The turnaround occurred faster in the USA, where the company recorded an operating profit (EBITDA) of €616,000 for the full 6-month period, against an operating loss of €930,000 in the 1st half of 2005. Instead the group's French sports eyewear subsidiary, Cébé, increased its EBTDA loss by 22.7 percent to €2,539,000. Marcolin puts this down to the reorganization of Cébé, which is still underway, and to the devaluation of its inventories following the introduction of new models. Cébé's revenues were up by a modest 1 percent thanks to an 18.1 percent increase in sales of ski goggles, which grew to €2.4 million.

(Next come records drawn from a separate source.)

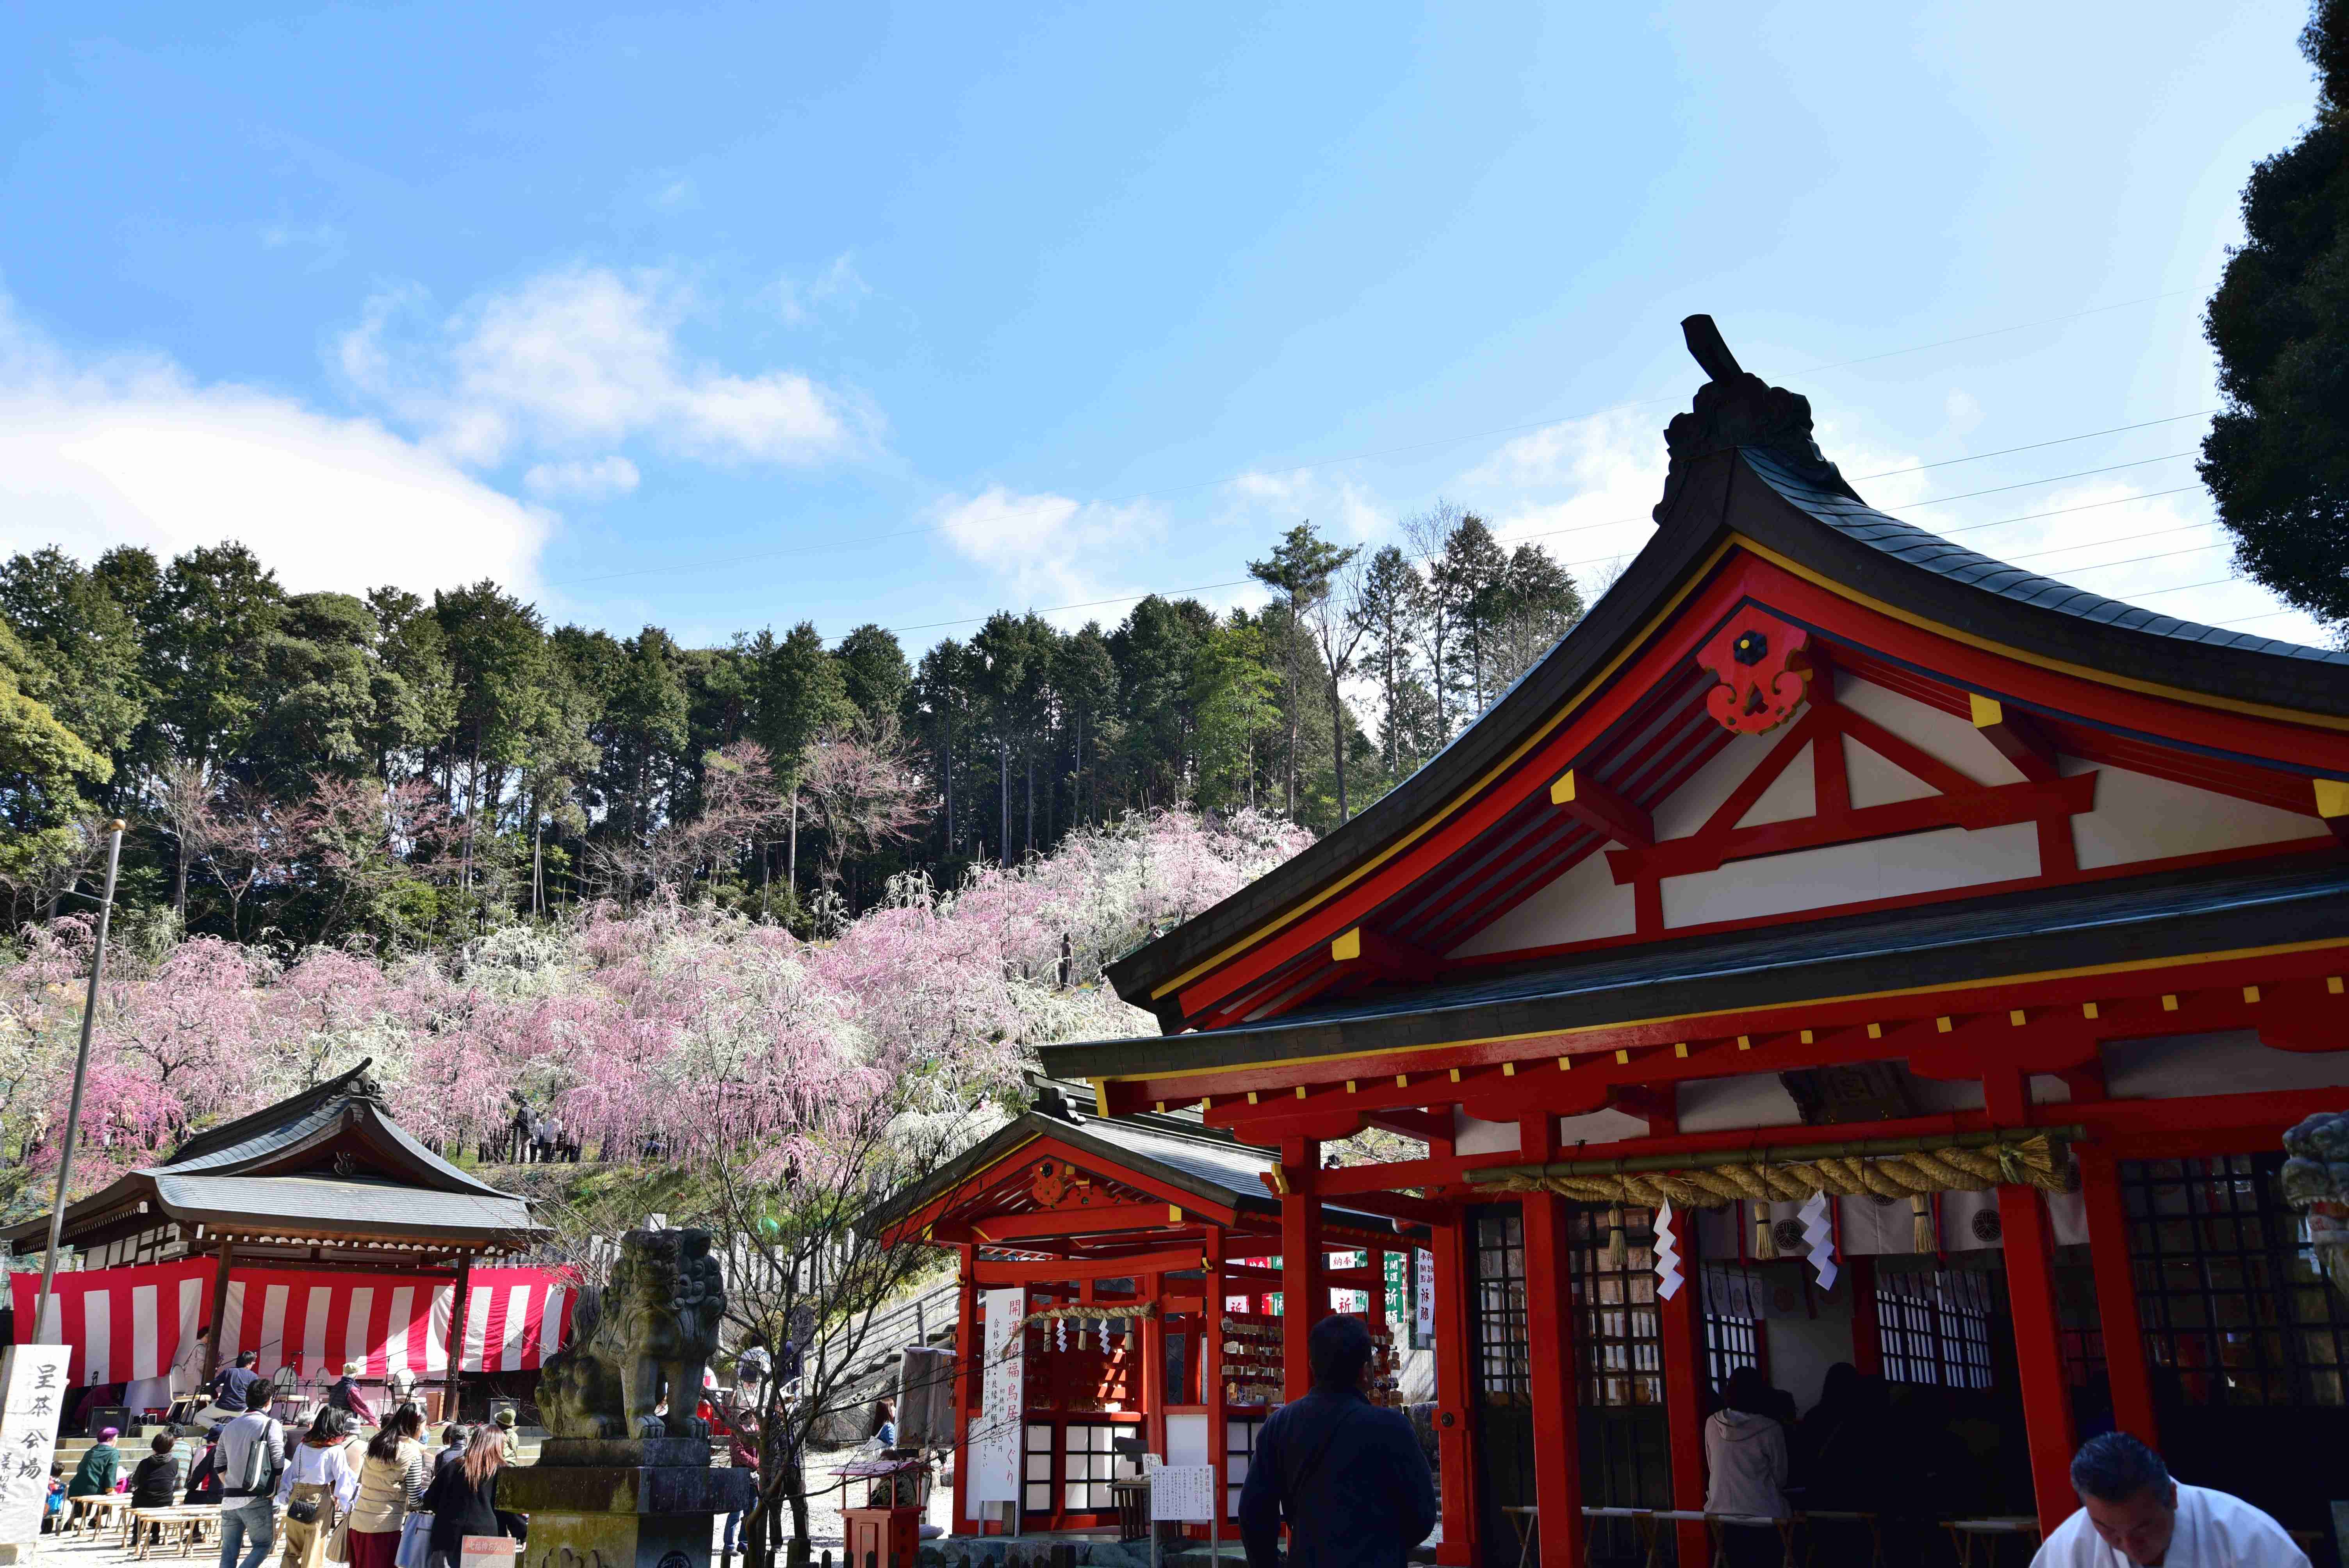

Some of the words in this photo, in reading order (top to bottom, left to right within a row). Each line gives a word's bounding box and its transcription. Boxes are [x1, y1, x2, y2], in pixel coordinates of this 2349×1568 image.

[1390, 1260, 1398, 1281] 開運
[16, 1364, 57, 1480] 呈茶会場
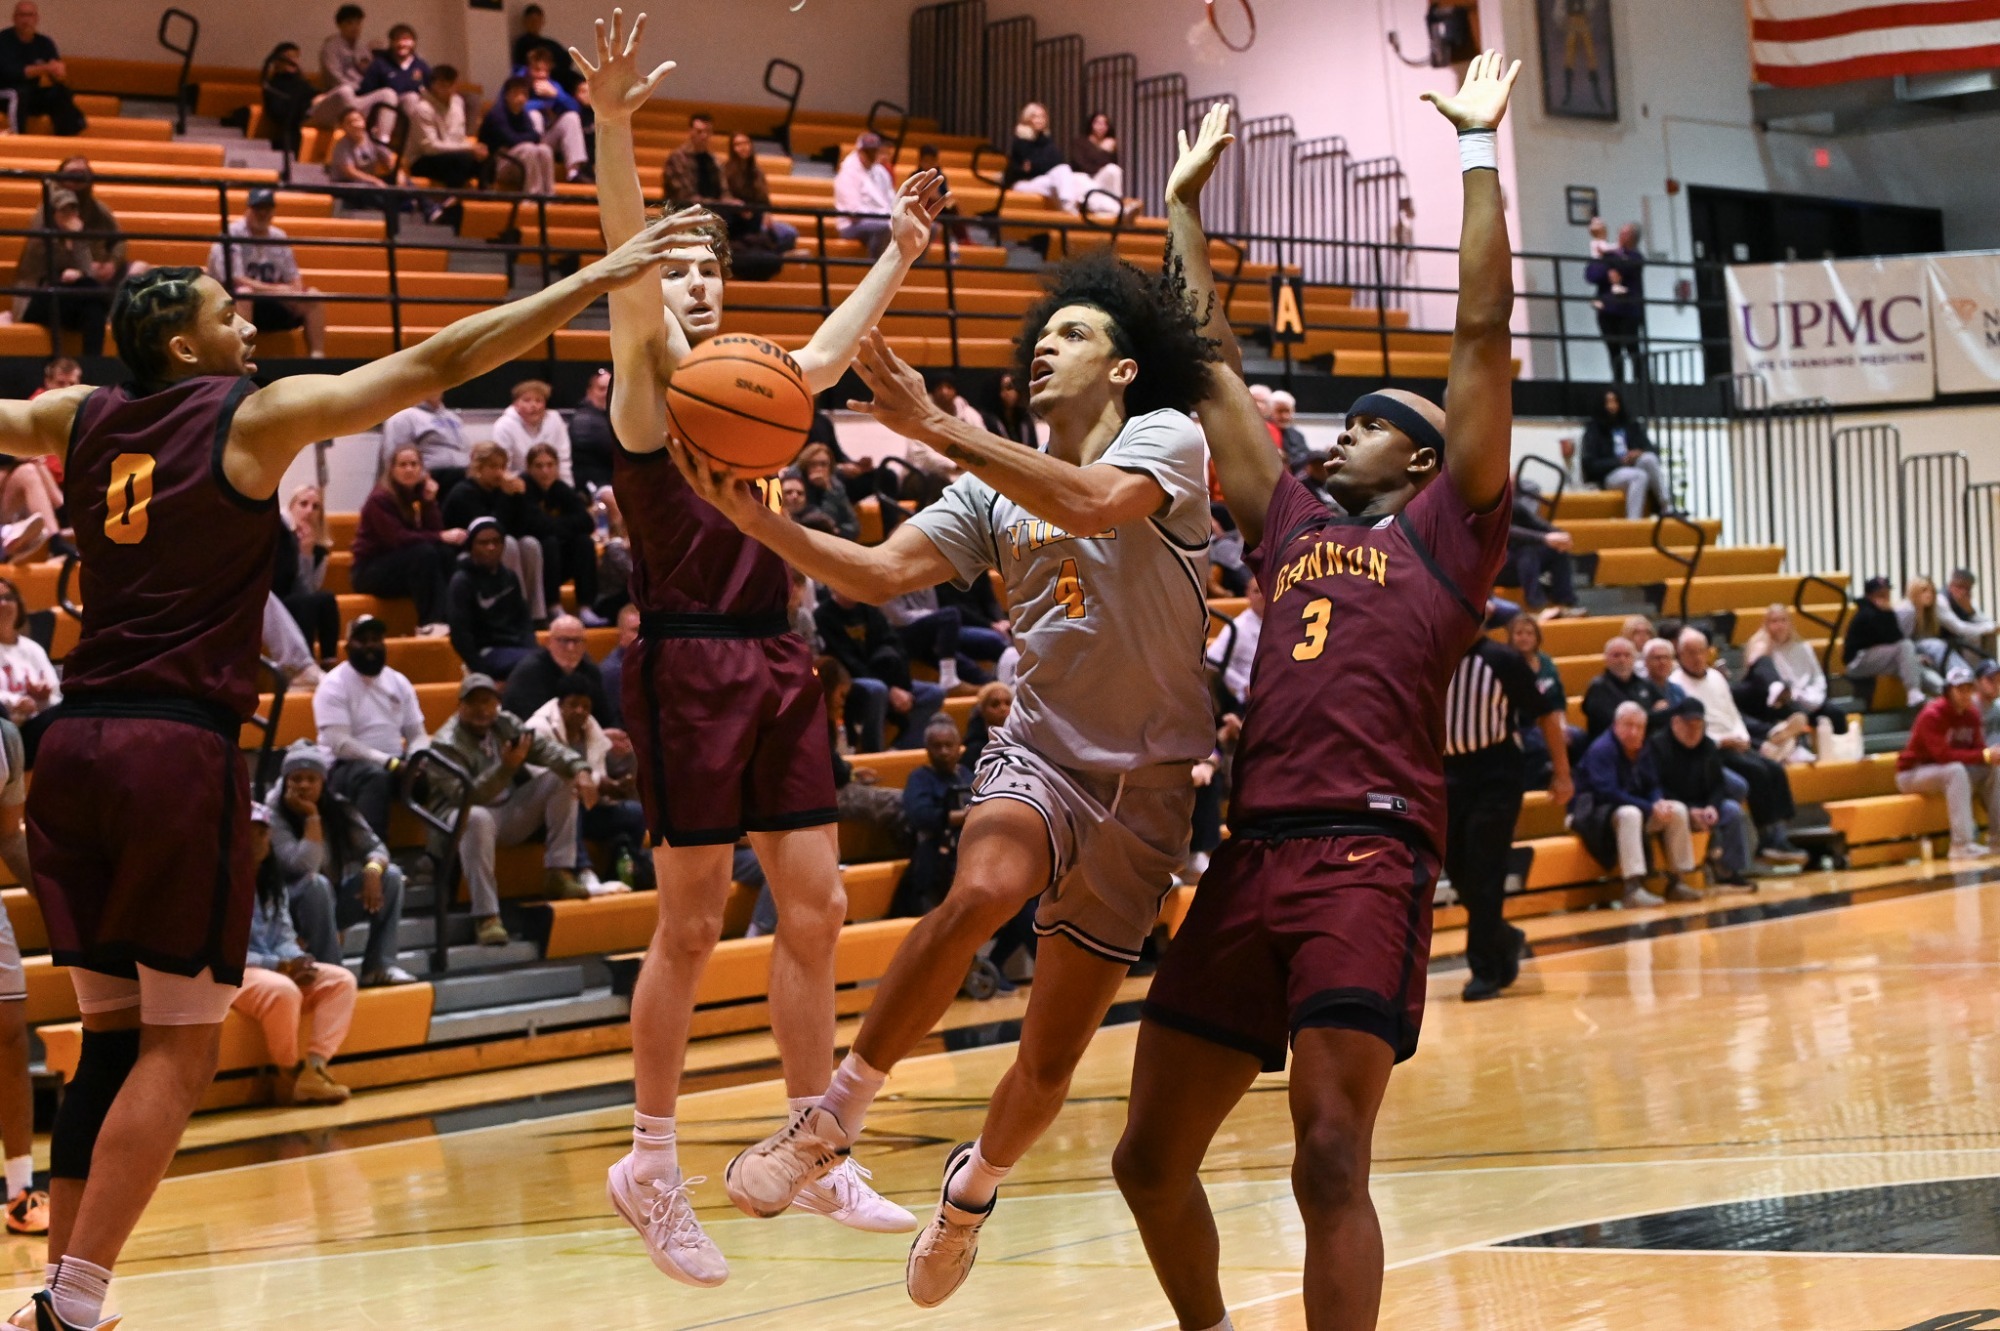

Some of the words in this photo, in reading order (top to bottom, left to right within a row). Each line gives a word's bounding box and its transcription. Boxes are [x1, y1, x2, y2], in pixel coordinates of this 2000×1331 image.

[1276, 286, 1303, 334] A
[1741, 295, 1925, 351] UPMC
[104, 453, 156, 544] 0
[1007, 519, 1116, 560] VIL
[1053, 558, 1086, 619] 4
[1273, 541, 1388, 602] GANNON
[1292, 597, 1332, 661] 3

The development of Marcolin's revenues indicates that it is on the right track. Excluding Dolce & Gabbana, which was still a major factor in the 1st half of 2005, the group's revenues actually grew by a full 42 percent in the 1st half of this year. The rate of increase reached 110 percent for its new brands, which all reached the previously set sales targets. The remainder of the group's existing portfolio scored very well, too, with Roberto Cavalli up by 95 percent, Montblanc up by 118 percent, Miss Sixty up by 53 percent, Timberland up by 35 percent and Kenneth Cole's sales up by 23 percent on the U.S. market. The sales levels reached in July and August confirm the positive trend.
In geographical terms, the loss of D&G knocked €6 million off the group's revenues in Europe during the 1st half of 2006, Italy excluded, taking them down by 16.9 percent to €29.6 million. Domestic sales grew by 3.9 percent, representing 25 percent of the total turnover, followed by the USA with 24 percent and the rest of the world with 14 percent. Marcolin's U.S. revenues were off by 1.6 percent in euros, but they were up by 2 percent in dollars.
As compared with the end of 2005, the net financial position of the group fell by €3.9 million to €41.2 million. While the group reduced its short-term debt to €37.9 million, long-term debt rose by €2.6 million to a new total of €16 million because of a credit line of €25 million granted by Banca Intesa last February, €15 million of which has already been used.
New structural improvements are still in the pipeline.